Freundschaftsspiel 1961/62: SC Dynamo Berlin - SG Dynamo Dresden 1:4

Stürmer müßte man haben / Gäste aus Dresden viel gefährlicher
Es war fast genauso wie beim ersten Spiel der beiden Namensvetter am letzten Tag des vergangenen Jahres in Dresden. Damals wie heute legte der Liga-Vertreter vier Treffer vor, ehe er dem Oberligisten gestattete, selbst einmal bzw. zweimal ans Ziel der Wünsche zu gelangen. "Nur" zwei Freundschaftsspiele könnte man sagen, aber dennoch bieten sie genügend Anlaß zur grundlegenden Schlußfolgerungen. Einmal: Meist wird schon das einfache, geradlinige, schnörkellose Spiel die Garantie für einen Erfolg bieten. Das haben die Dresdener seinerzeit auf eigenem Platz gezeigt, das legten sie auch diesmal wieder in Berlin trefflich dar. Zum anderen: Wie soll ein Spiel gewonnen werden, wenn man keine Tore schießen kann? Schon nach einer knappen halben Stunde Spielzeit - in einem Zeitraum, als der Gastgeber mit dem Wind im Rücken noch stark überlegen war - stellte sich der Berichterstatter die Frage: Wer könnte hier wohl ein Tor schießen? Die Antwort blieb aus.

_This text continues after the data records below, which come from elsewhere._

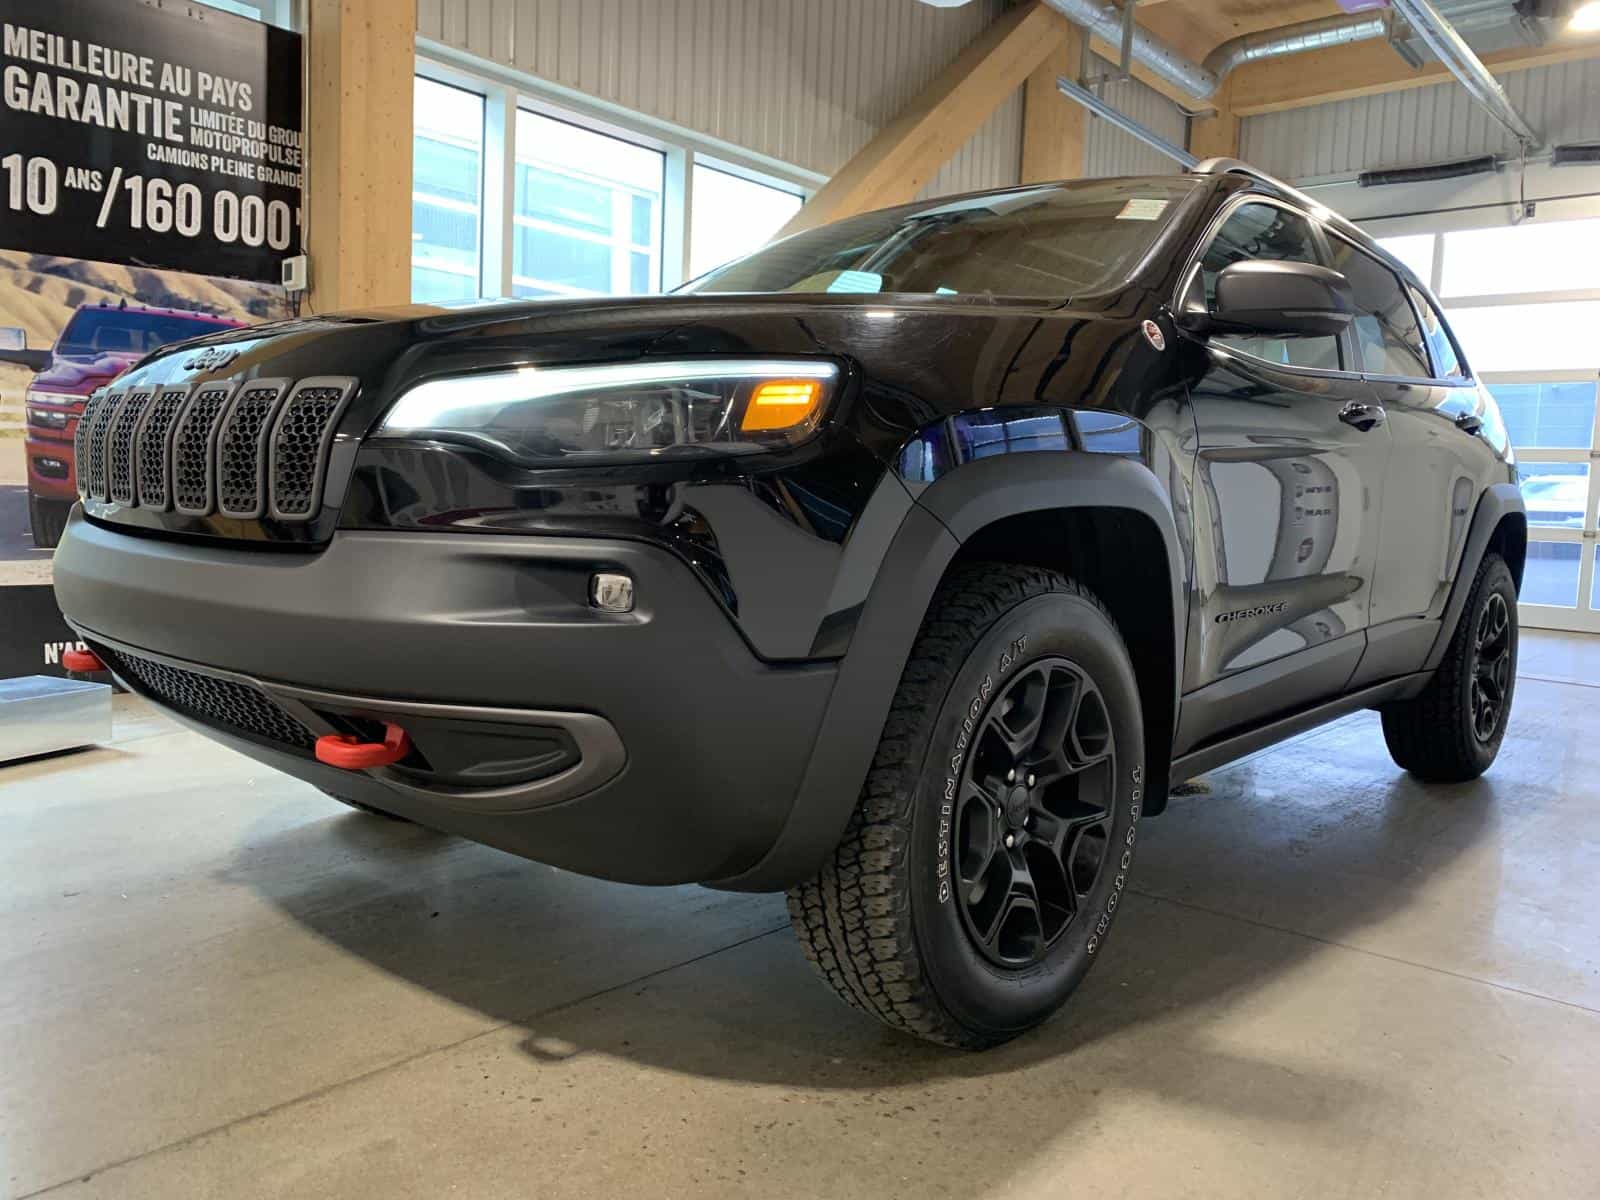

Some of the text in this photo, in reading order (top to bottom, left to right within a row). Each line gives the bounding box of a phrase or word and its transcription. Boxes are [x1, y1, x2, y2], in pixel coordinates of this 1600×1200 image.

[4, 23, 252, 111] MEILLEURE AU PAYS
[4, 65, 183, 143] GARANTIE
[147, 143, 208, 171] CAMIONS
[211, 155, 255, 180] PLEINE
[190, 106, 245, 137] LIMITÉE
[248, 119, 266, 140] DU
[2, 153, 57, 215] 10
[65, 167, 103, 192] ANS
[214, 189, 290, 250] 000
[1214, 600, 1288, 624] CHEROKEE
[938, 674, 994, 904] DESTINATION

Wie meist schon seit langer Zeit, da man beim SC Dynamo stets nach der altbekannten Melodie spielte: schön - aber erfolglos! Nur wenn Koinzer, der junge und talentierte Flügelstürmer aus Frankfurt, zum Vorstoß ansetzte, dann zog so etwas wie Gefahr in Dresdens Strafraum auf. Im übrigen wurde jedoch der Schlußmann der Gäste kaum durch einen nennenswerten Schuß belästigt. So große Mühe sich Kapitän Schröter auch anfangs gab, so verständig die beiden Läufer Ihre Angriffsspieler einsetzten - diese gewiß guten Absichten fanden keine Verwirklichung. Mit Stürmern wie Schmidt, Bley, Gadow oder später auch Quest ist eben kein Spiel zu gewinnen! Das weiß man aber beim Berliner Club nicht erst seit heute. Zwar sagt Trainer Janos Gyarmati: "Dieses 1:4 kommt gerade noch zur rechten Zeit." Aber wir müssen jetzt schon die Frage aufwerfen: Wie soll es erst in der Meisterschaft weitergehen? Dabei gaben Dresdens Stürmer doch guten Anschauungsunterricht, wie man spielen, stürmen und schießen muß.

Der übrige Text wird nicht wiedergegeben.